Records from a dataset
========================================================================
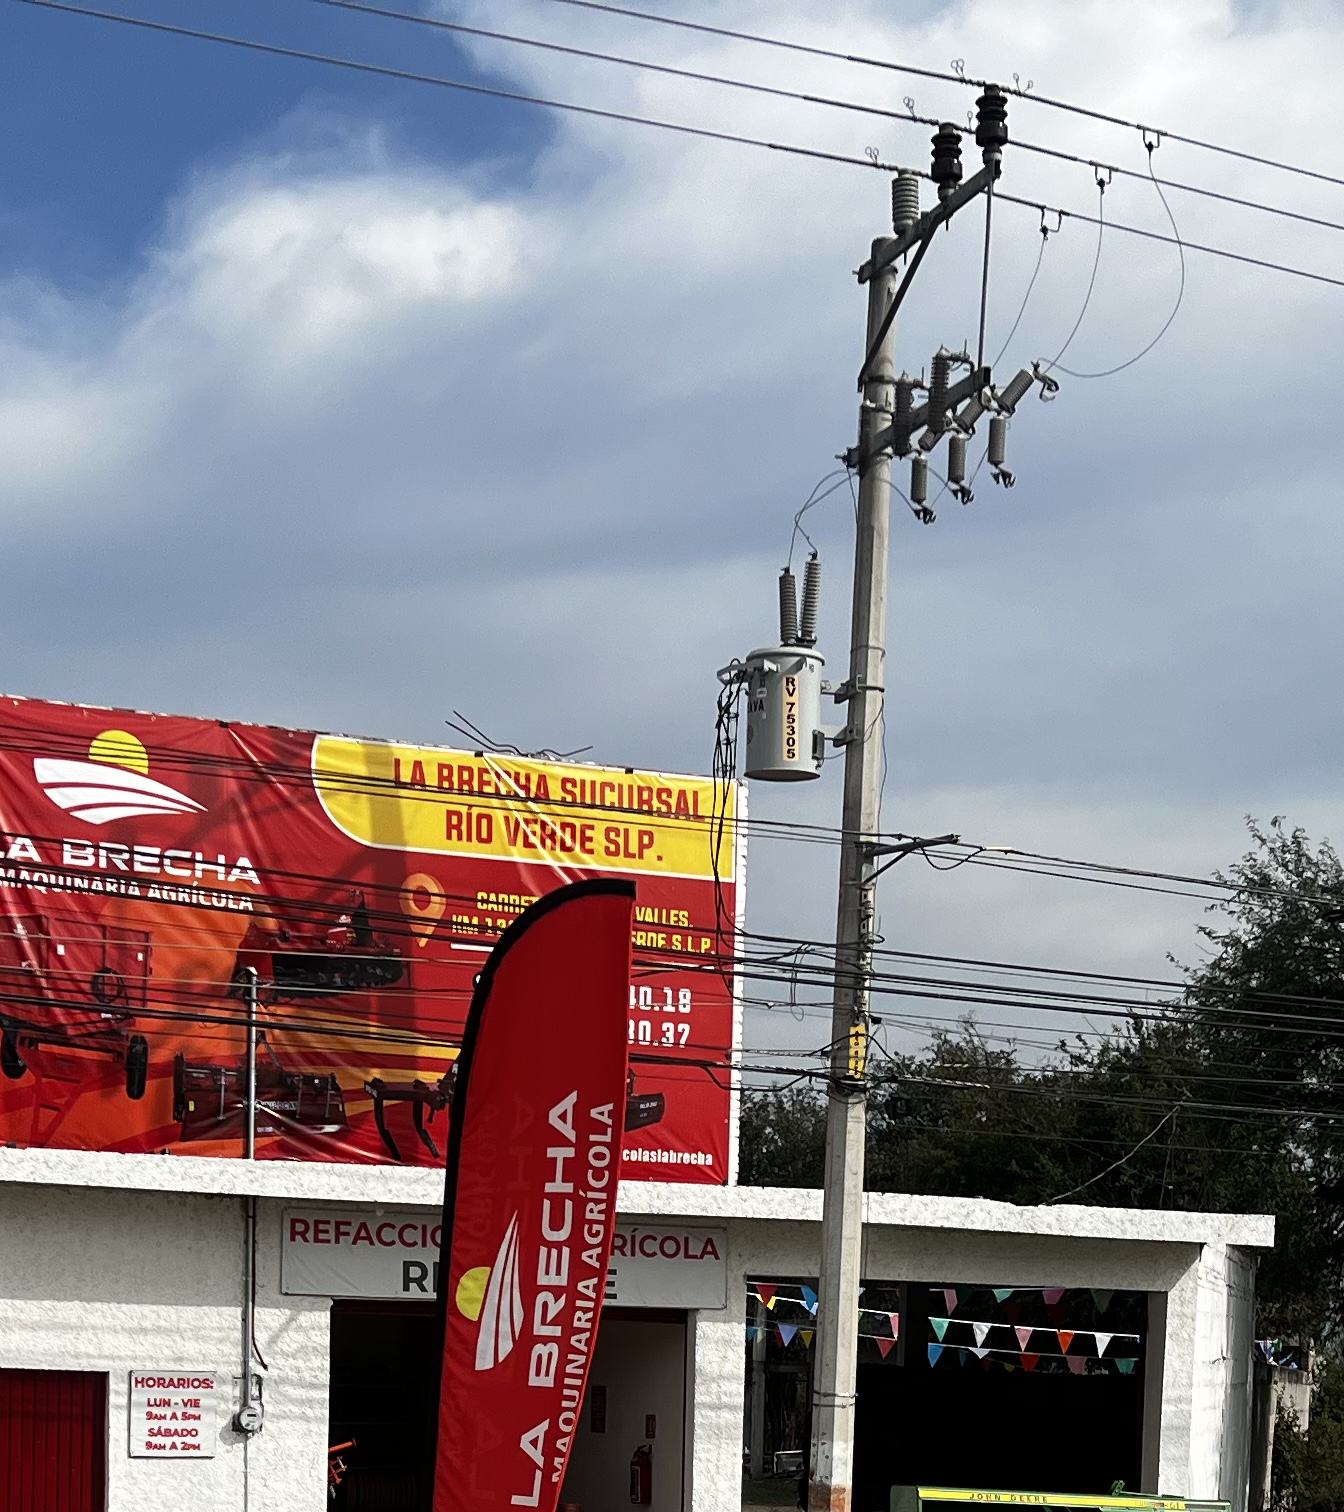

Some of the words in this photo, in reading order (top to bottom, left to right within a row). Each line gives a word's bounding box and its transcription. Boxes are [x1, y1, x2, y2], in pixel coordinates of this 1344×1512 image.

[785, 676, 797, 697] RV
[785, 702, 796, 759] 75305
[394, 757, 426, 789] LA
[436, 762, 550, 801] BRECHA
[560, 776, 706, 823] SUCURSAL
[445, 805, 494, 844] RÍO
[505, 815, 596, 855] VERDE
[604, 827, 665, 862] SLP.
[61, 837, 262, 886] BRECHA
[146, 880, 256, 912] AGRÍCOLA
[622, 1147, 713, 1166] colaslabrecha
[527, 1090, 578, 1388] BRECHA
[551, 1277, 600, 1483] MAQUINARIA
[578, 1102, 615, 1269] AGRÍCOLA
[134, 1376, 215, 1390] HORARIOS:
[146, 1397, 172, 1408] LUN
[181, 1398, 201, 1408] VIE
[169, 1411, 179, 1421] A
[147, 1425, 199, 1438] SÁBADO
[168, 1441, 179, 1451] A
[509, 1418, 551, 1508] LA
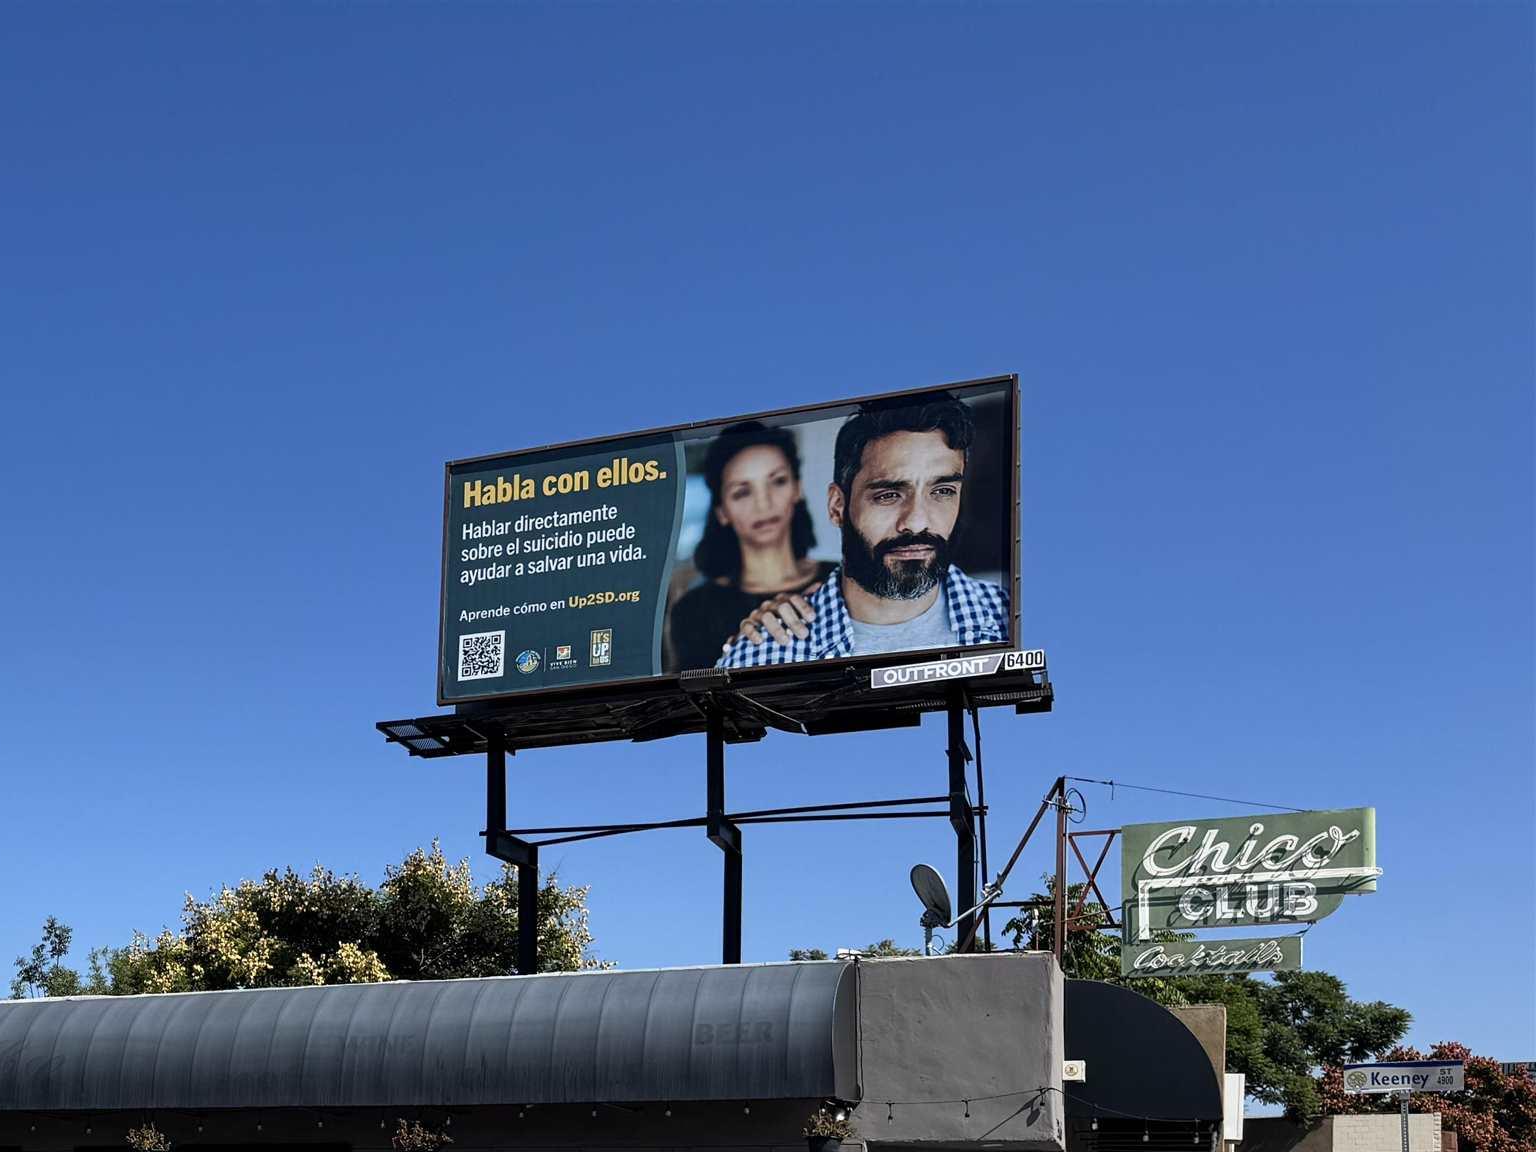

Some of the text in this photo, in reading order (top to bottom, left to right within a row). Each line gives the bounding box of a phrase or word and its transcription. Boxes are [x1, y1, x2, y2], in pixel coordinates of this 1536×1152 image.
========================================================================
Exercise details
All the records above need to be given again word for word. Skip the pictures.

Solved problem
Some of the words in this photo, in reading order (top to bottom, left to right within a row). Each line gives a word's bounding box and its transcription. Boxes are [x1, y1, x2, y2], in pixel coordinates of this 1344×1512 image.

[785, 676, 797, 697] RV
[785, 702, 796, 759] 75305
[394, 757, 426, 789] LA
[436, 762, 550, 801] BRECHA
[560, 776, 706, 823] SUCURSAL
[445, 805, 494, 844] RÍO
[505, 815, 596, 855] VERDE
[604, 827, 665, 862] SLP.
[61, 837, 262, 886] BRECHA
[146, 880, 256, 912] AGRÍCOLA
[622, 1147, 713, 1166] colaslabrecha
[527, 1090, 578, 1388] BRECHA
[551, 1277, 600, 1483] MAQUINARIA
[578, 1102, 615, 1269] AGRÍCOLA
[134, 1376, 215, 1390] HORARIOS:
[146, 1397, 172, 1408] LUN
[181, 1398, 201, 1408] VIE
[169, 1411, 179, 1421] A
[147, 1425, 199, 1438] SÁBADO
[168, 1441, 179, 1451] A
[509, 1418, 551, 1508] LA

Some of the text in this photo, in reading order (top to bottom, left to right within a row). Each line gives the bounding box of a phrase or word and its transcription. Boxes are [x1, y1, x2, y2], in pixel coordinates of this 1536×1152 image.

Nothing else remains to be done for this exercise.